À ces époques-là de sa honte on se pare ;

Temps hideux où la joue est rose du soufflet.

La jeunesse a perdu l'élan qui la gonflait ;

Le tocsin ne fait plus dresser la sentinelle

Oui, sire, aux mauvais jours, sous quelque méchant roi

Féroce, quoique vil, et, quoique lâche, rude,

Toute une nation se change en solitude ;

L'échine et le bâton semblent être d'accord,

L'un frappe et l'autre accepte ; et le peuple a l'air mort ;

On mange, on boit ; toujours la foule, plus personne ;

Les âmes sont un sol aride où le pied sonne ;

Les foyers sont éteints, les cœurs sont endormis ;

Rois, voyant ce sommeil, on se croit tout permis.

Ah ! La tourbe est ignoble et l'élite est indigne.

De l'avilissement l'homme porte le signe.

Tous sont traîtres à tous, et la foule se rue

À traîner les vaincus par les pieds dans la rue ;

Le silence est au fond de tout le bruit qu'on fait ;

On est prêt à baiser Satan s'il triomphait ;

Le mal qui réussit devient digne d'estime ;

L'applaudissement suit, la chaîne au cou, le crime,

Que la libre huée a d'abord précédé ;

On voit — car le malheur lui-même dégradé

Abdique la colère et se couche et se vautre,

Dans l'espoir d'avoir part au pillage d'un autre —

Les extorqués faisant cortège aux extorqueurs.

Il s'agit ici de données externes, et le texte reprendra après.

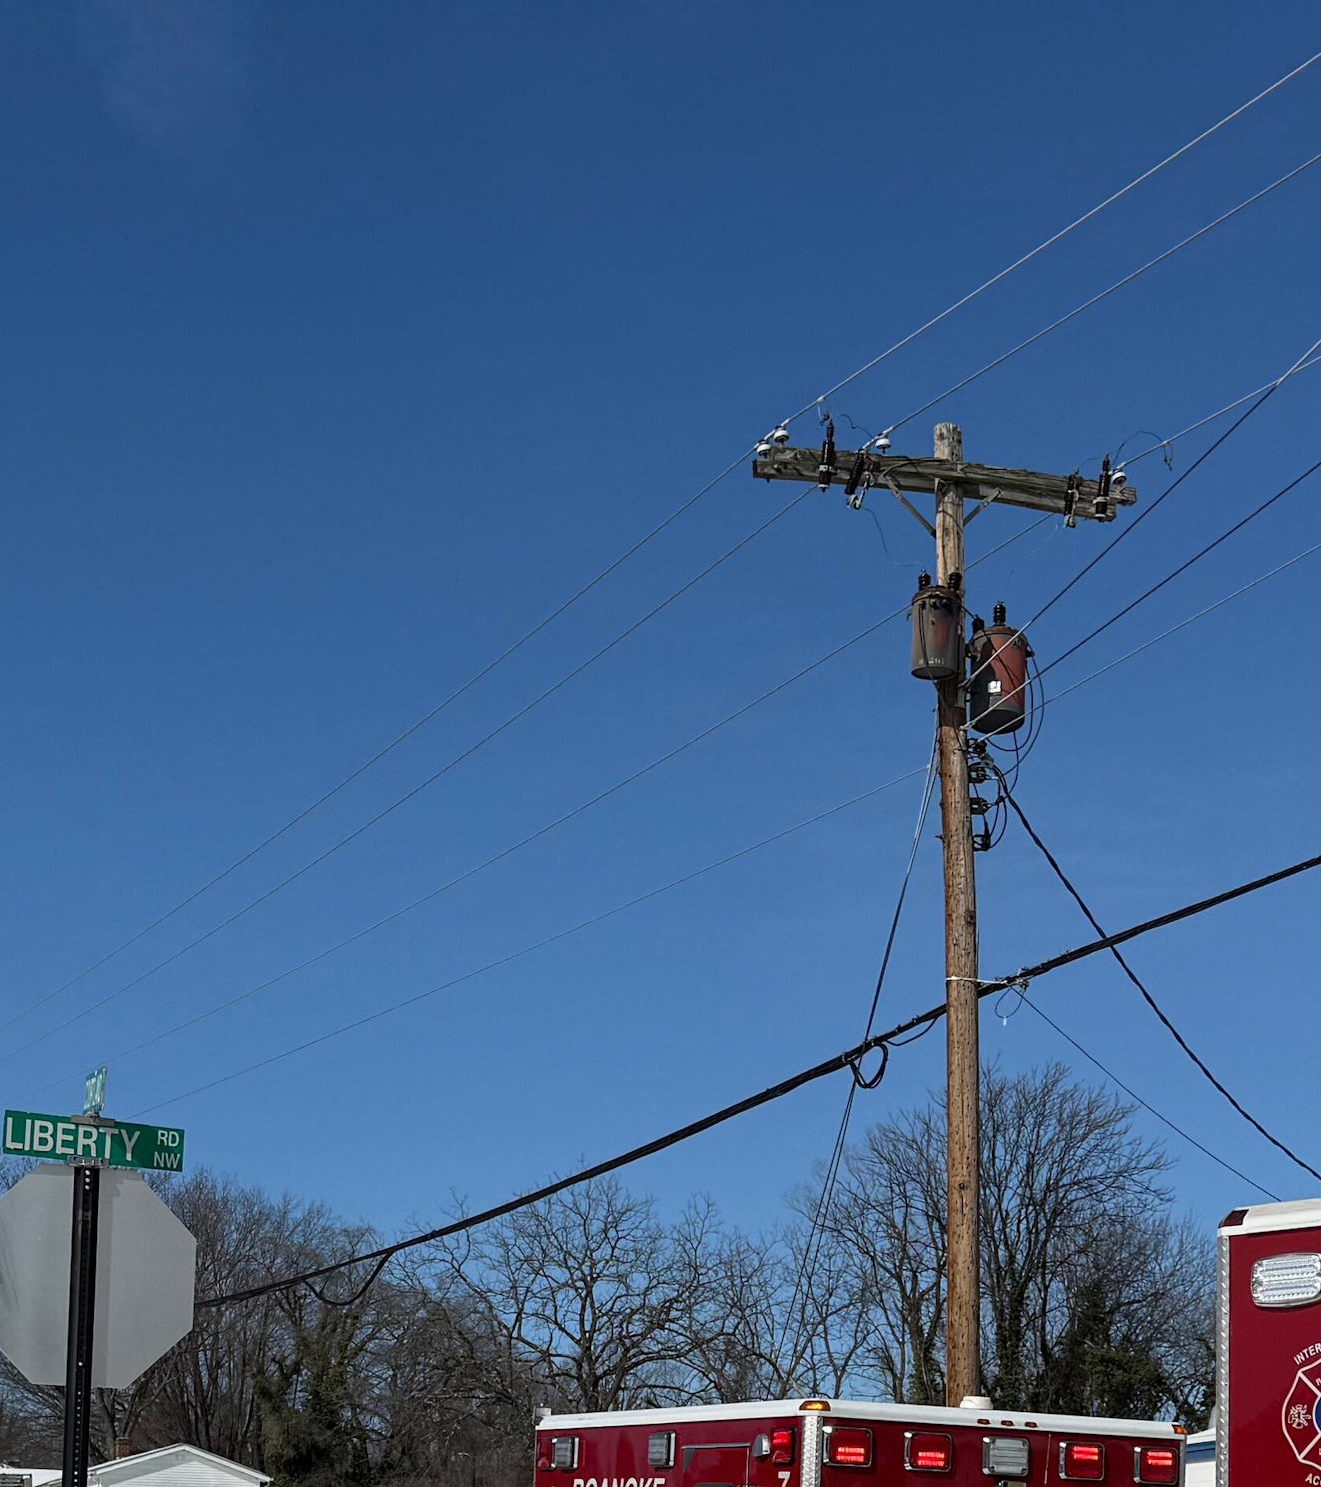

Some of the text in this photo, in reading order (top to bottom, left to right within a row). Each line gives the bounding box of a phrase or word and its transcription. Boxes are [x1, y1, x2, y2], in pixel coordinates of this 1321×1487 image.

[5, 1117, 140, 1161] LIBERTY
[157, 1130, 180, 1147] RD
[153, 1151, 181, 1169] NW

Pas une résistance illustre dans les cœurs !

La tyrannie altière, atroce, inexorable,

Est le vaste échafaud de l'homme misérable ;

Le maître est le gibet, les flatteurs sont les clous.

Mangé de la vermine ou dévoré des loups,

Tel est le sort du peuple ; il faut qu'il s'y résigne.

Des vautours, des corbeaux. Mais où donc est le cygne ?

L'un rampe, lèche et rit pendant que l'autre opprime,

Sombre histoire ! Le vice est le fumier du crime ;

Les hommes sont bassesse ou bien férocité ;

Meurtre dans le palais, fange dans la cité ;

Le tyran est doublé du valet ; et le monde

Va de l'antre du fauve à l'auge de l'immonde.

On peut courber les grands, fouler la basse classe ;

Mais à la fin quelqu'un dans la foule se lasse,

Et l'ombre soudain s'ouvre, et de quelque manteau

Sort un poing qui se crispe et qui tient un couteau.